That "others" includes iCloud Drive, which is where I happen to keep most of my stuff. My important stuff. The stuff I trusted Backblaze to back up.

Backblaze also has a new banner on their old instructions that explain how to back up cloud files before this change, like the one on their instructions for iCloud Drive:

NOTE:
iCloud's most recent update prevents Backblaze from backing up files that iCloud synced.

To back up these files, download them to another local location where Backblaze can read them.

First, that's a baldfaced lie. There's no iCloud update that prevents Backblaze from backing up iCloud files. There's similar wording on their page for Google Drive:

Google Drive's most recent update prevents Backblaze from backing up files that Google Drive synced.

And their page for OneDrive:

OneDrive's most recent update prevents Backblaze from backing up files that OneDrive synced.

Bullshit. Apple, Google, and Microsoft didn't release updates at the same time across multiple operating systems that stopped Backblaze from backing up their cloud files. Backblaze made the choice to not back these files up. Backblaze made the choice to not tell their users about it outside the third bullet point in a minor point release. Backblaze made the choice to put these banners on their support articles and knew they were lying through their teeth by doing so. Other backup software has the ability to back up iCloud Drive and other cloud files just fine; there's nothing preventing Backblaze from doing the same.

Second, the content of the original instructions remains below these warnings, but none of it applies anymore. It would be easy for someone to skip over one of these warnings, read the instructions below, and think their cloud files are backed up when they're not.

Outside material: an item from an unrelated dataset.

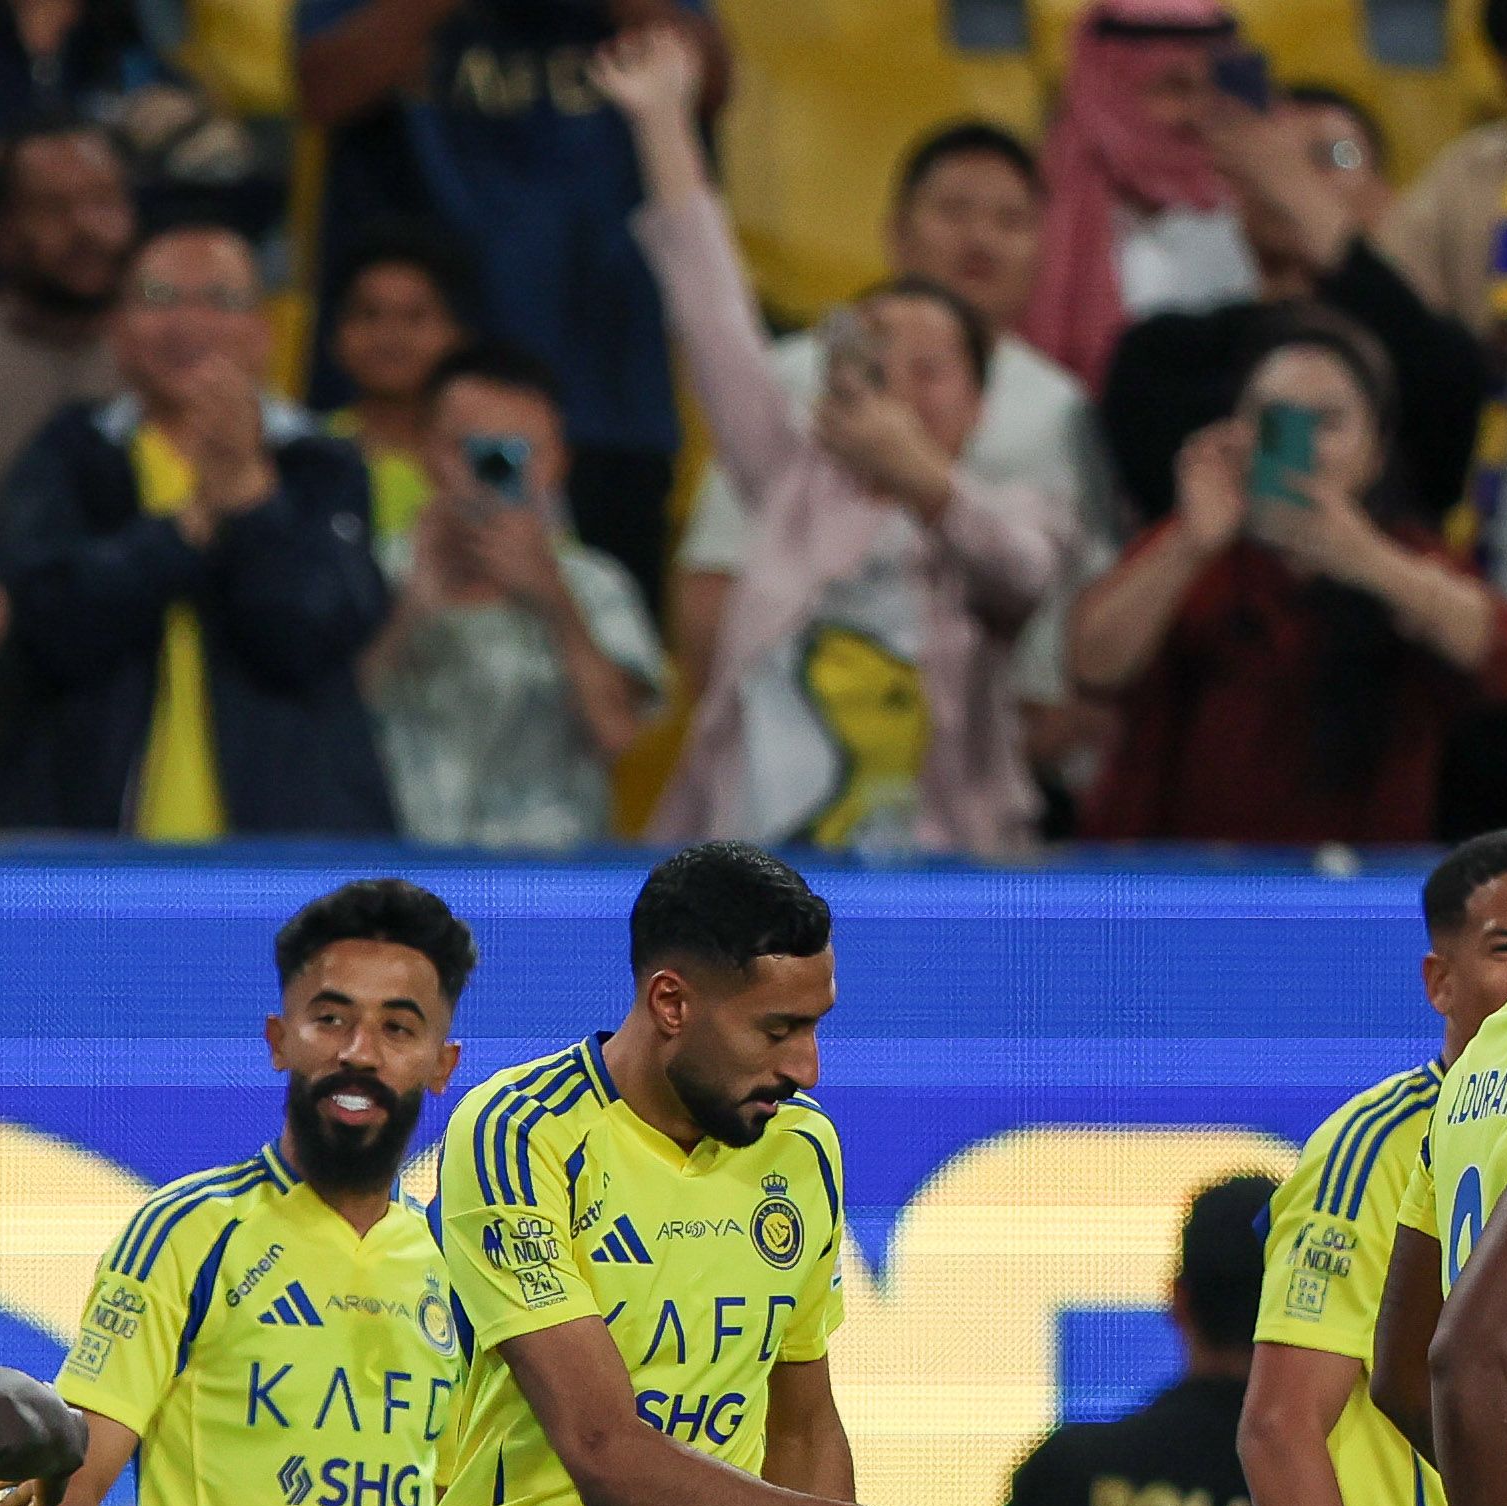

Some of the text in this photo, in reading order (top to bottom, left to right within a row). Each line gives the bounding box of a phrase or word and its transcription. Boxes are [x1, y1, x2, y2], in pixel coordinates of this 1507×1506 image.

[656, 1218, 745, 1241] AROYA
[605, 1295, 796, 1365] AFD
[635, 1390, 747, 1446] SHG

That's shameful and irresponsible.

When I learned about all this I checked Backblaze's file restore tool and confirmed all of my iCloud Drive files were no longer available to restore even though I explicitly configured iCloud Drive on my Mac to keep a full local copy of every file.

It's really important to have my iCloud Drive files backed up because sync is not a backup, as Backblaze's own blog explains:

While cloud sync is great for giving you 24/7 access to your files and enabling collaboration, it is not a trustworthy backup solution. Here’s why:

  1. Tiered pricing discourages usage: Typically, these services have tiered pricing, meaning you pay for the amount of data you store with the service, or for tiers of data that you are allowed to use. Odds are, if you are using the free tier of a syncing service, you have a lot of data on your computer that’s not syncing because you’re trying to manage your usage to avoid paying more.
  2. Data outside the service is vulnerable: Only the files, folders, or directories you put into the sync service are synced. The rest of the data on the computer is not.
  3. Data within the service can be deleted and lost forever: If there is data loss (let’s say you share a file with someone and they simply delete it), it may be lost forever. Sometimes these services have a version history feature, meaning you’re able to recover an earlier version of your work (before your friend or coworker deleted it).
  4. Data in sync services is vulnerable to ransomware and malware: If your computer is attacked by a bad actor and your sync service automatically synchronizes after the attack, your synced files are also corrupted. With a backup solution (discussed below) with longer version history, you can simply roll back to an earlier backup before the attack occurred.

We often hear people say, “I don’t need backup. I use Dropbox.” But, that’s an assumption to leave in the past. Where sync services ensure that a certain set of data is the same across multiple devices, backup ensures that all or most of the data on one device is backed up elsewhere.

It's a huge problem when the backup service you trust to back up your files stops backing up your files. It's an even bigger problem when they make that change as quietly as possible, without letting you know, and lie about the reason why.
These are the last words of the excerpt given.